Auscultation has been used qualitatively by clinicians for hundreds of years to diagnose and monitor the progression of pulmonary pathologies. Auscultation technique is based on the clinical evidence that the morphological and functional alterations of the respiratory system determined by diseases and injuries result in measurable changes in lung sounds generation and propagation. Centuries of clinical practice have led to an extensive cataloging of respiratory sounds and their alterations resulting from pathological conditions. However, the information collected over these years suffer from a lack of quantitative rigor as well as in a proper understanding and description of the phenomena involved. The effect of the pathology-induced structural and mechanical modifications on the sound transmission in the respiratory system has received arguably even less attention. A better understanding of sound propagation and of its alterations by pathological conditions or injuries might not only be valuable in terms of clinical interpretation and significance, but also pave the way for emerging imaging techniques such as magnetic resonance elastography.

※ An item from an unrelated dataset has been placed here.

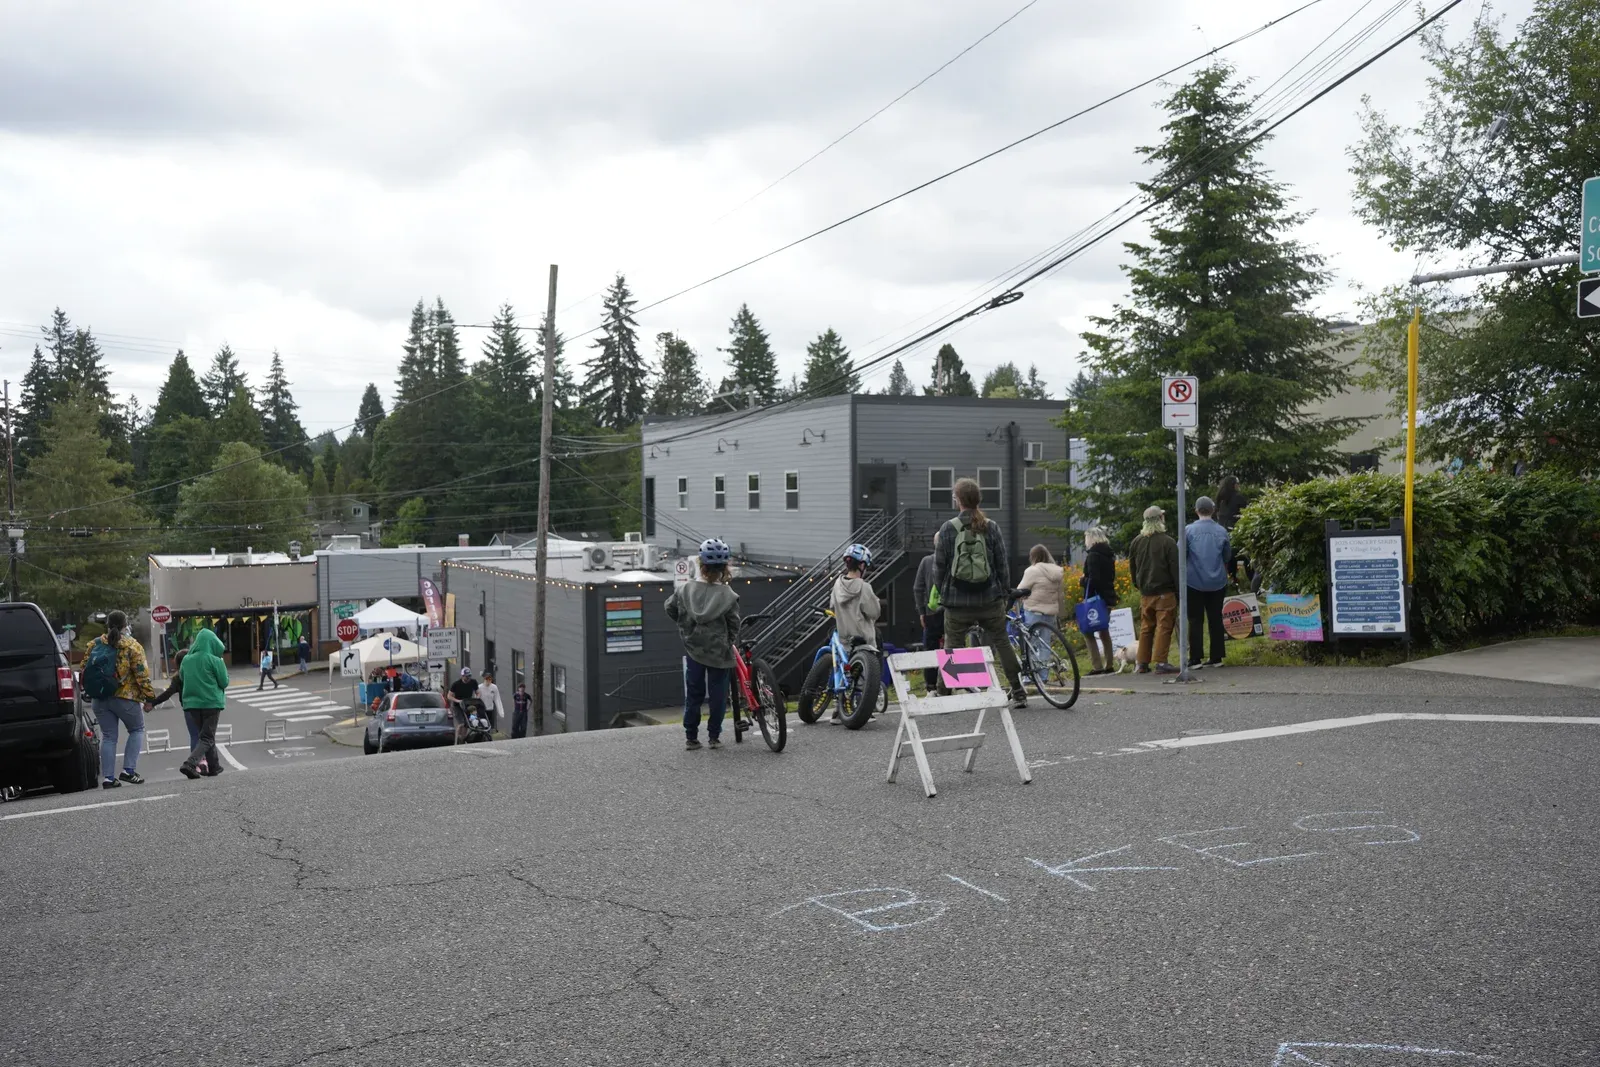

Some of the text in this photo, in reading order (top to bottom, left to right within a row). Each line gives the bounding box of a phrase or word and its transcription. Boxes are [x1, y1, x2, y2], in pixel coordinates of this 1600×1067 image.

The long-term objective of this project is the creation of a computational model able to precisely mimic the creation, propagation and noninvasive measurement of naturally-occurring sounds associated airway physiology as well as the alterations induced by airways pathology. In this thesis, fitting within the general scope mentioned above, an analytical code was validated that can provide accurate and quantitative information about the sound propagation in the lower respiratory tract. The same model was modified to account for the morphometrical and mechanical alterations induced by specific pathologies allowing a comparison with the physiological condition.